ARLINGTON, Texas — On the edge of the UT Arlington campus, inside a fence at Doug Russell Park, is a place most people don’t know exists.
“No, there’s a lot of people who don’t,” said historian Lydia Brosowsky. “Even students at UTA, some of them don’t know it’s here.”
Brosowsky stumbled upon it while writing her master’s thesis on the place. It’s a place known today as the Lost Cemetery of Infants.
About 100 years ago, dozens of unnamed children were buried in the cemetery, but what sounds haunting is actually quite heartening.
“This is all that’s left, the cemetery,” Brosowsky said.

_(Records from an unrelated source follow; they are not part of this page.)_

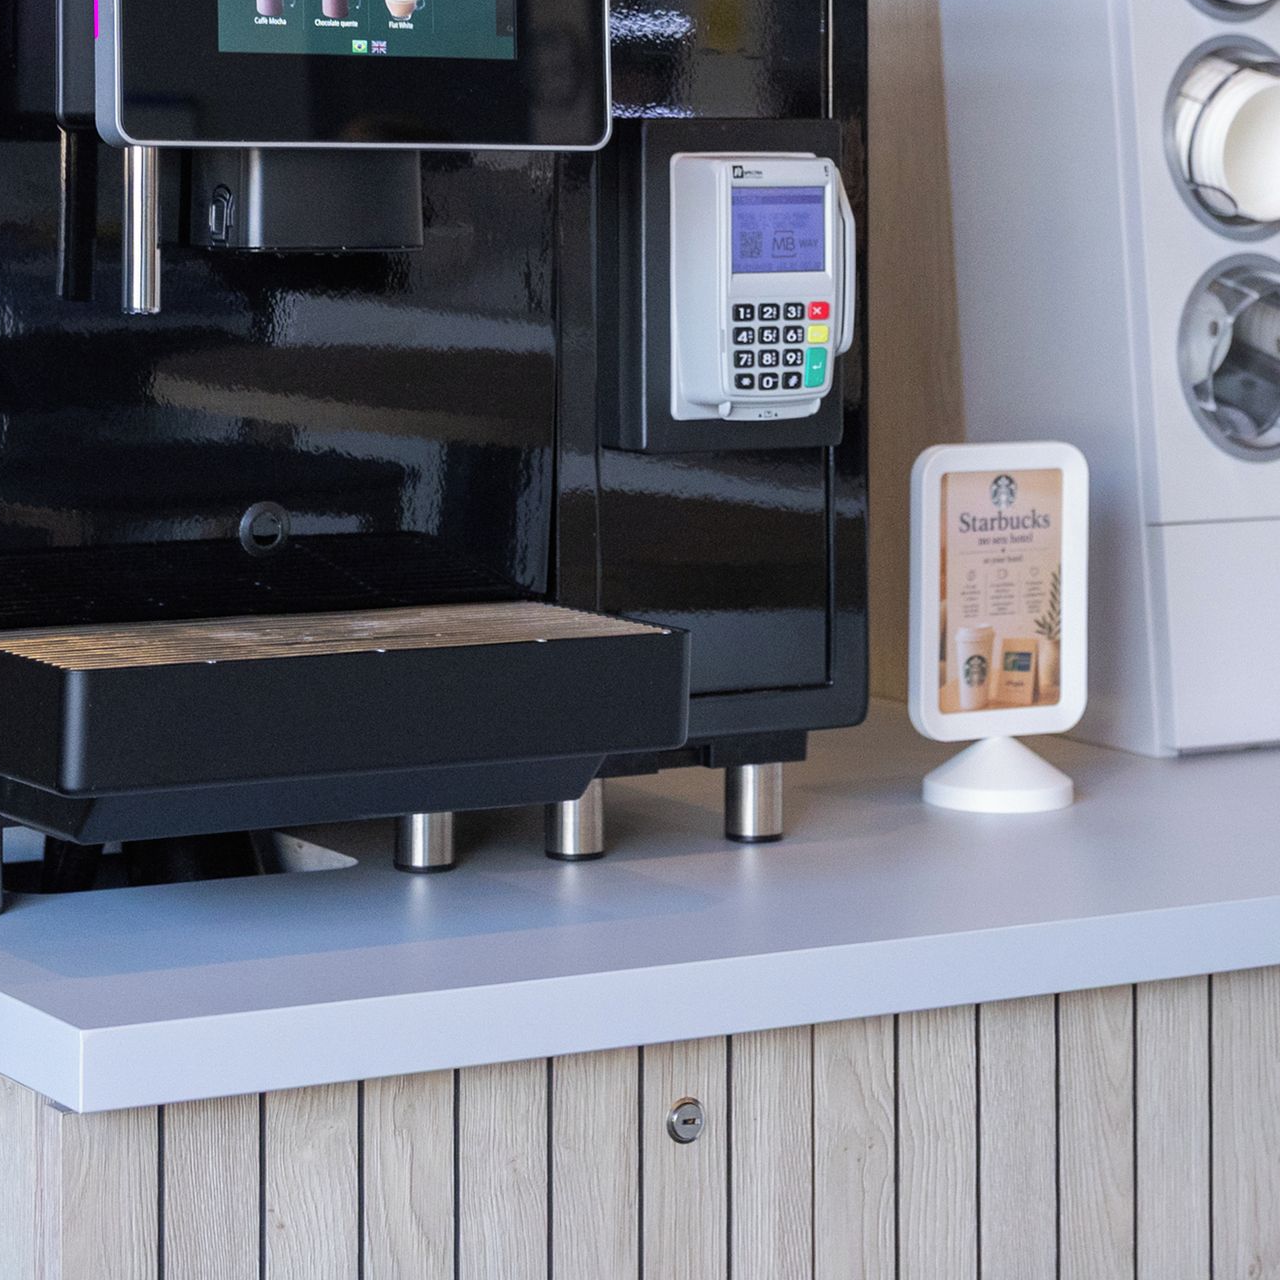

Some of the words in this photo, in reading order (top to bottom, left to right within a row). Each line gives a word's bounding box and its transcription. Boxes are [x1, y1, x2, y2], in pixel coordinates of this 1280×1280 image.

[269, 18, 287, 26] Mocha
[314, 19, 340, 27] Chocolate
[772, 237, 796, 251] MB
[738, 307, 744, 319] 1
[763, 306, 773, 318] 2
[787, 306, 796, 318] 3
[737, 331, 748, 343] 4
[763, 329, 772, 342] 5
[787, 330, 796, 342] 6
[739, 354, 747, 366] 7
[762, 353, 772, 365] 8
[786, 352, 796, 364] 9
[762, 376, 773, 388] 0
[959, 508, 1051, 533] Starbucks

Much of the land where the park sits today used to be The Berachah Industrial Home for the Redemption of Erring Girls. In other words, a home for women who society considered ‘outcasts.’
A preacher named JT Upchurch, and his wife, started Berachah to help those women gain life skills that would allow them to live a productive life.
Particularly, Upchurch and his wife sought to help homeless and unwed, single mothers. The women were provided housing, classes and training among the campuses many buildings.
“It just seemed like the girls had a decent chance to make it in life if they came here,” Brosowsky said.
And many women did make it, but not without tragedy.
Several women lost their babies either during birth, the Spanish flu or to other diseases, before they even had a chance to give their children a name.
That’s why dozens of the nearly 80 graves are simply labeled “Infant,” with a number added, like “Infant No. 1,” to indicate how many children had died.
Deep in a wooded area of the park, it’s a cemetery thousands of college students unknowingly walk past every day.
Berachah Home closed in 1935 but today, visitors claim the spirits of those children still reside in the cemetery. Some people leave behind toys as proof.
“People will say that the toys move from one marker to the other,” Brosowsky said.
Others have claimed to hear children laughing, but Brosowsky says she’s never heard anyone who was scared.
“I feel nice when I come out here,” she said. “I feel comfort when I come out here.”
Maybe because, she says, it wasn’t a sad place. It was a place where many women found hope. Hope in a society that told them they didn’t belong, which is why this may be the friendliest fright in town.